-- EXCERPTED DATA follows --

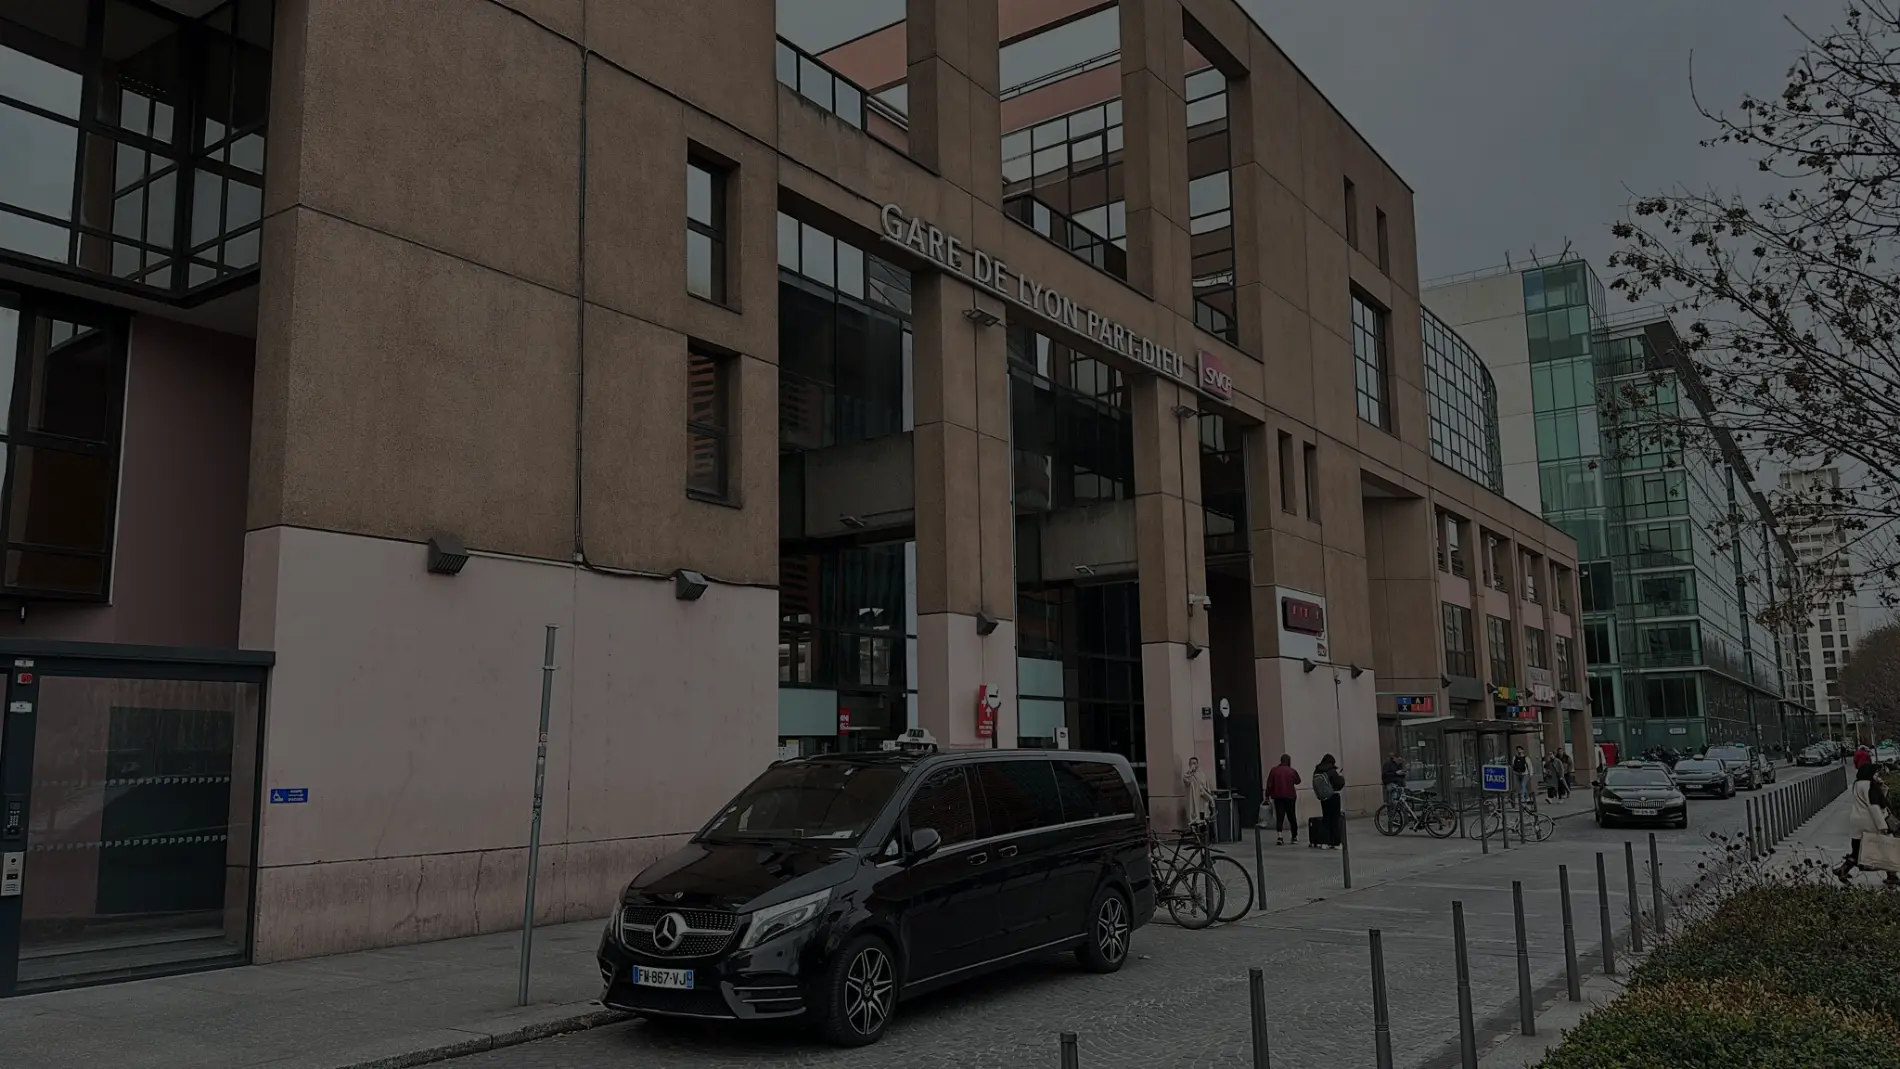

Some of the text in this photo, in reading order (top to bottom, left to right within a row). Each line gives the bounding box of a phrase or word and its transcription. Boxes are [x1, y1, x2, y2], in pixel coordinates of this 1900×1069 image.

[881, 204, 962, 271] GARE
[974, 250, 1007, 293] DE
[1019, 274, 1078, 328] LYON
[1204, 367, 1232, 391] SNCF
[1485, 774, 1506, 783] TAXIS
[639, 969, 686, 985] FW-867-VJ
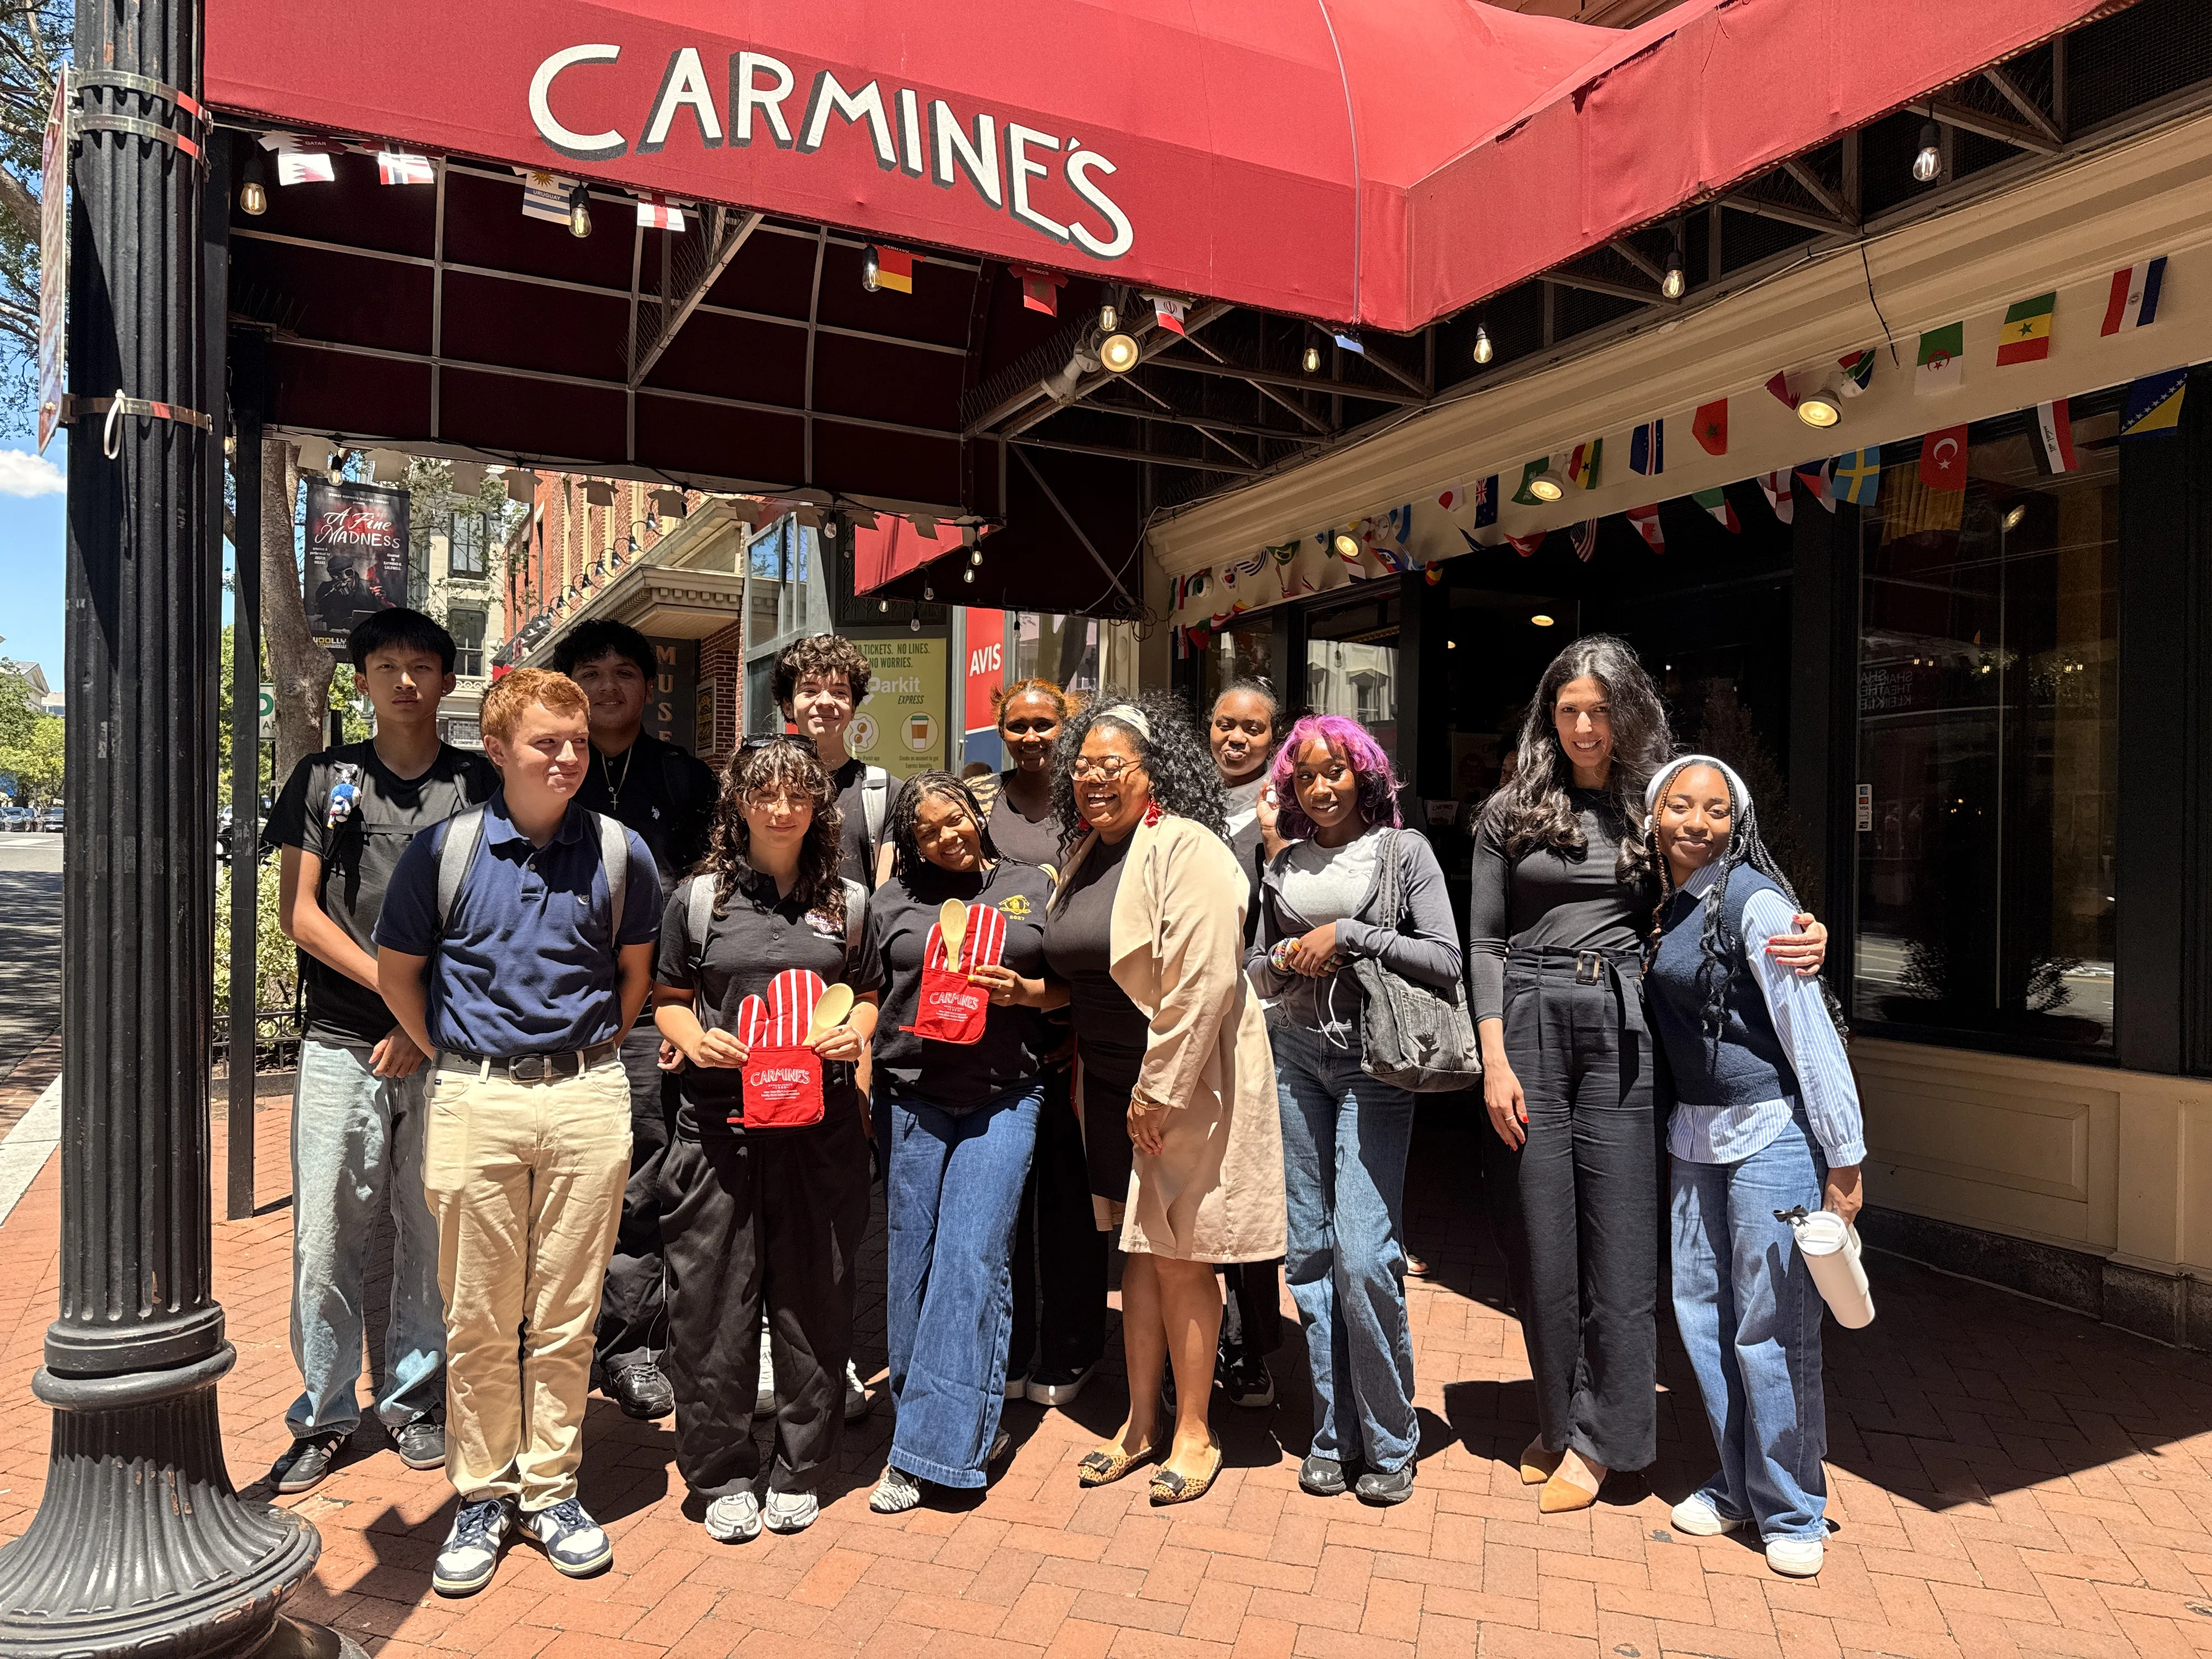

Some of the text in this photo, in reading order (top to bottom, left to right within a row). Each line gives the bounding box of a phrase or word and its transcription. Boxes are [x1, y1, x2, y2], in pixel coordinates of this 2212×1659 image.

-- EXCERPTED DATA concluded --

TASK STATEMENT: Please repeat all of the data exactly as it stands, leaving the pictures out.

RESPONSE AREA:
Some of the text in this photo, in reading order (top to bottom, left to right within a row). Each line gives the bounding box of a phrase or word and its transcription. Boxes are [x1, y1, x2, y2], in pixel coordinates of this 1900×1069 image.

[881, 204, 962, 271] GARE
[974, 250, 1007, 293] DE
[1019, 274, 1078, 328] LYON
[1204, 367, 1232, 391] SNCF
[1485, 774, 1506, 783] TAXIS
[639, 969, 686, 985] FW-867-VJ

Some of the text in this photo, in reading order (top to bottom, left to right within a row). Each line gives the bounding box of a phrase or word and its transcription. Boxes are [x1, y1, x2, y2], in pixel coordinates of this 2212×1659 image.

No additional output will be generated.